■ MATERIALS PROVIDED ■
——

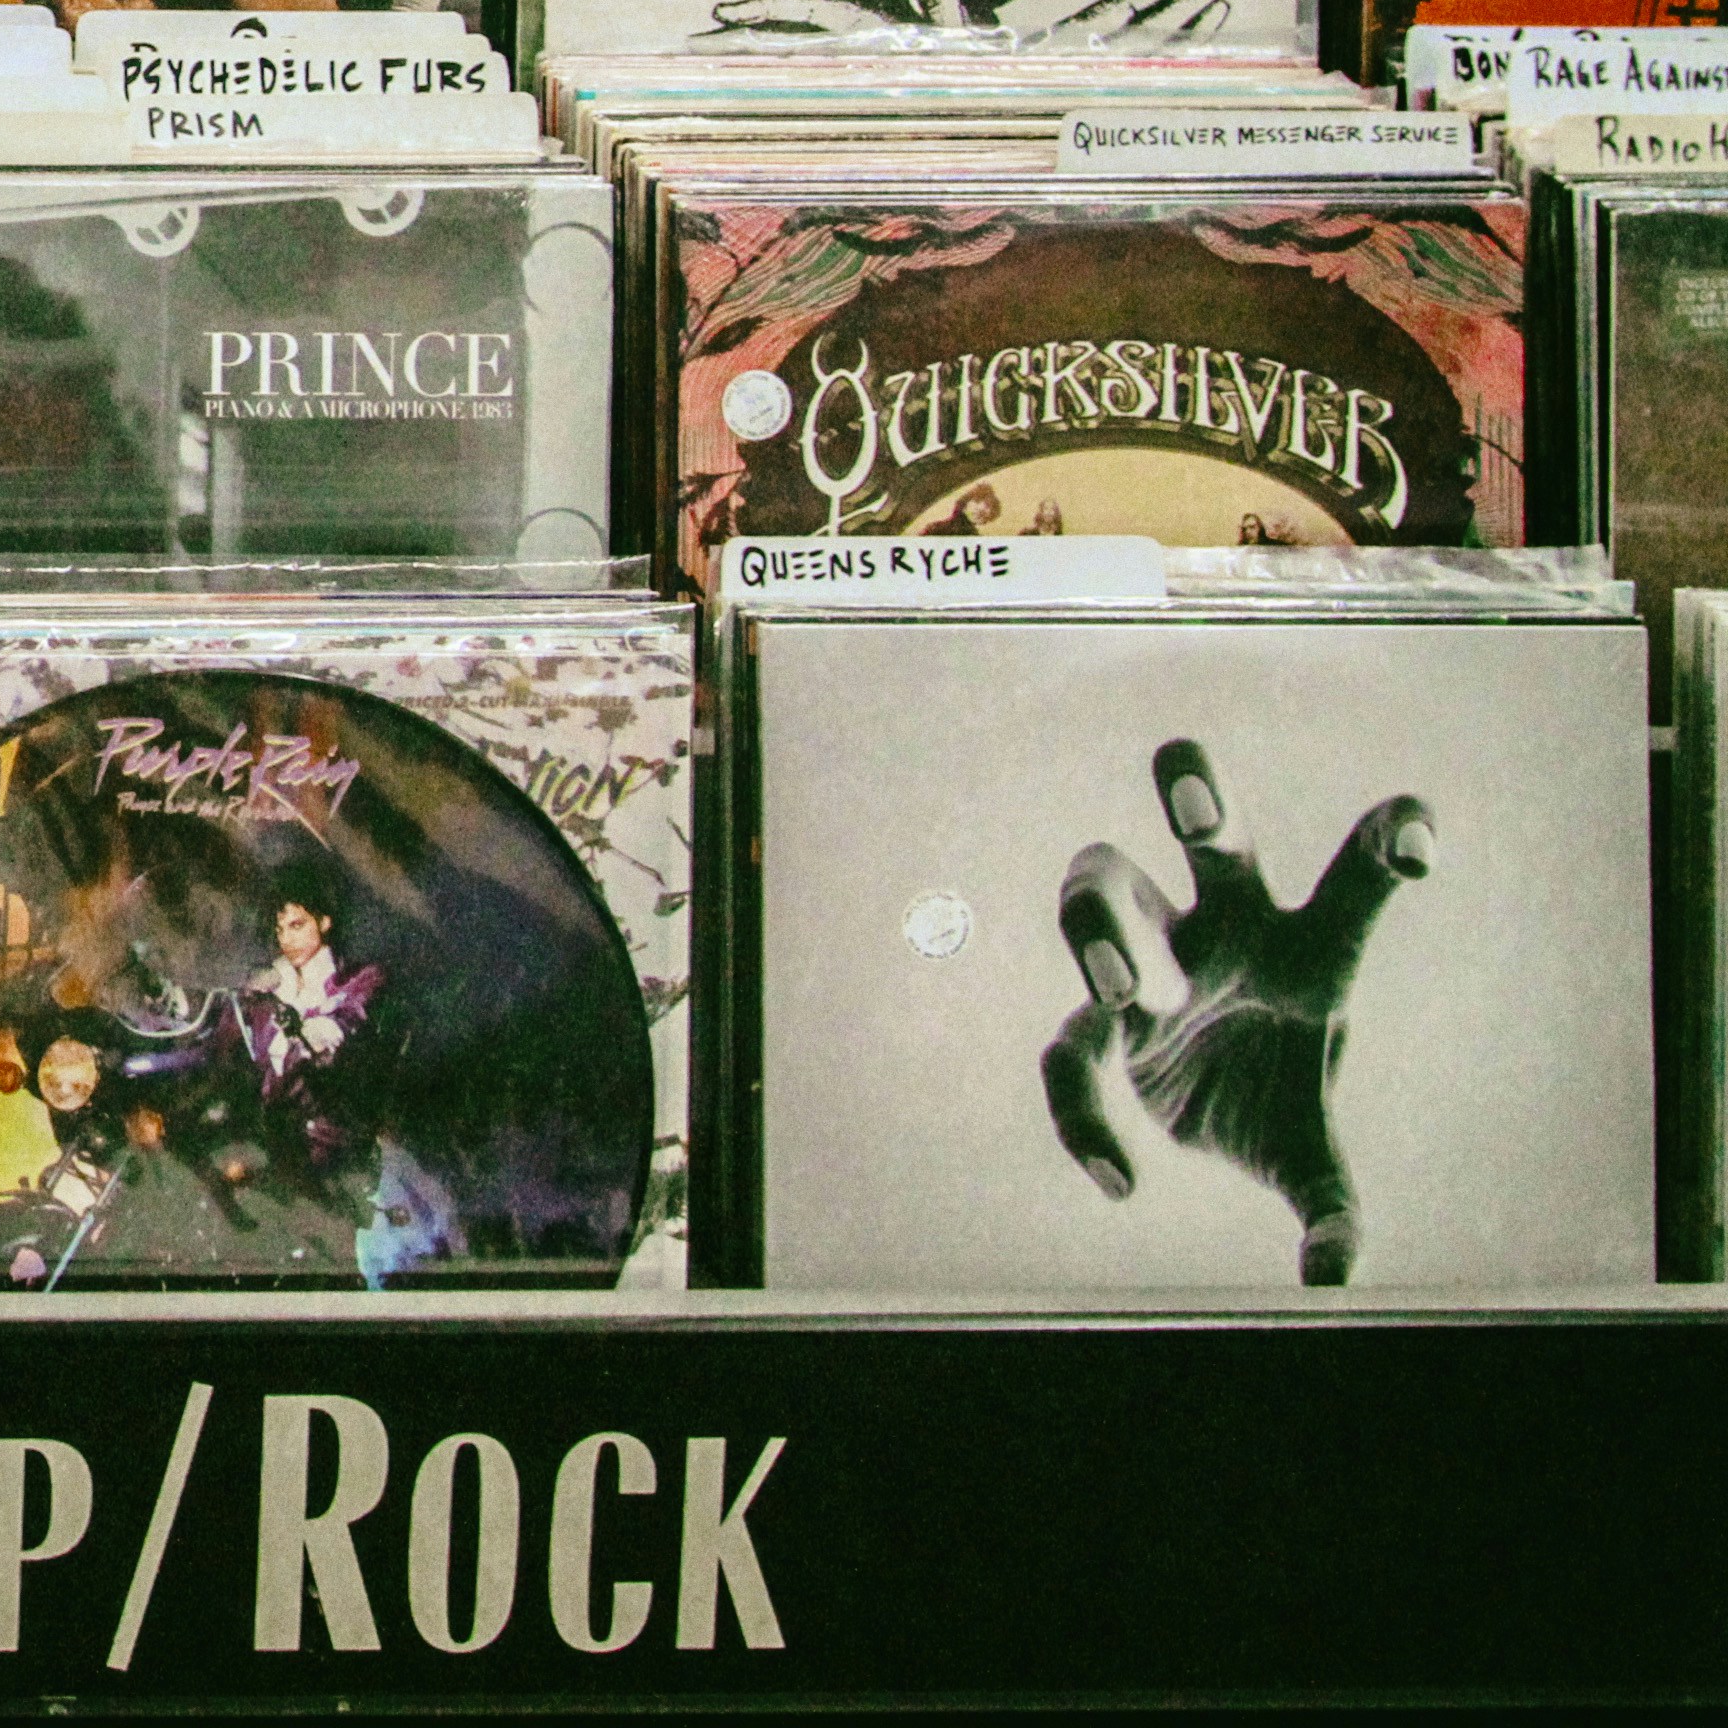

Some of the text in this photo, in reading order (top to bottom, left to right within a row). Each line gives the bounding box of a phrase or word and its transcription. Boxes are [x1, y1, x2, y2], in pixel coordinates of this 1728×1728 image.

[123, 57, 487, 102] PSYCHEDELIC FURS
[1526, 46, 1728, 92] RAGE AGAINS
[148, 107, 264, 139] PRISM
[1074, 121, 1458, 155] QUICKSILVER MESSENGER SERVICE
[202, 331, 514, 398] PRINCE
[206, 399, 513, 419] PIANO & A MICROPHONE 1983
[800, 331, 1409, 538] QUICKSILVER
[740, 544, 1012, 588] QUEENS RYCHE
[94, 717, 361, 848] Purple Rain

——

■ WHAT THE EXERCISE ASKS ■
The copy should hold every entry above word for word and none of the pictures.

■ OUTPUT OF THE EXERCISE ■
Some of the text in this photo, in reading order (top to bottom, left to right within a row). Each line gives the bounding box of a phrase or word and its transcription. Boxes are [x1, y1, x2, y2], in pixel coordinates of this 1728×1728 image.

[123, 57, 487, 102] PSYCHEDELIC FURS
[1526, 46, 1728, 92] RAGE AGAINS
[148, 107, 264, 139] PRISM
[1074, 121, 1458, 155] QUICKSILVER MESSENGER SERVICE
[202, 331, 514, 398] PRINCE
[206, 399, 513, 419] PIANO & A MICROPHONE 1983
[800, 331, 1409, 538] QUICKSILVER
[740, 544, 1012, 588] QUEENS RYCHE
[94, 717, 361, 848] Purple Rain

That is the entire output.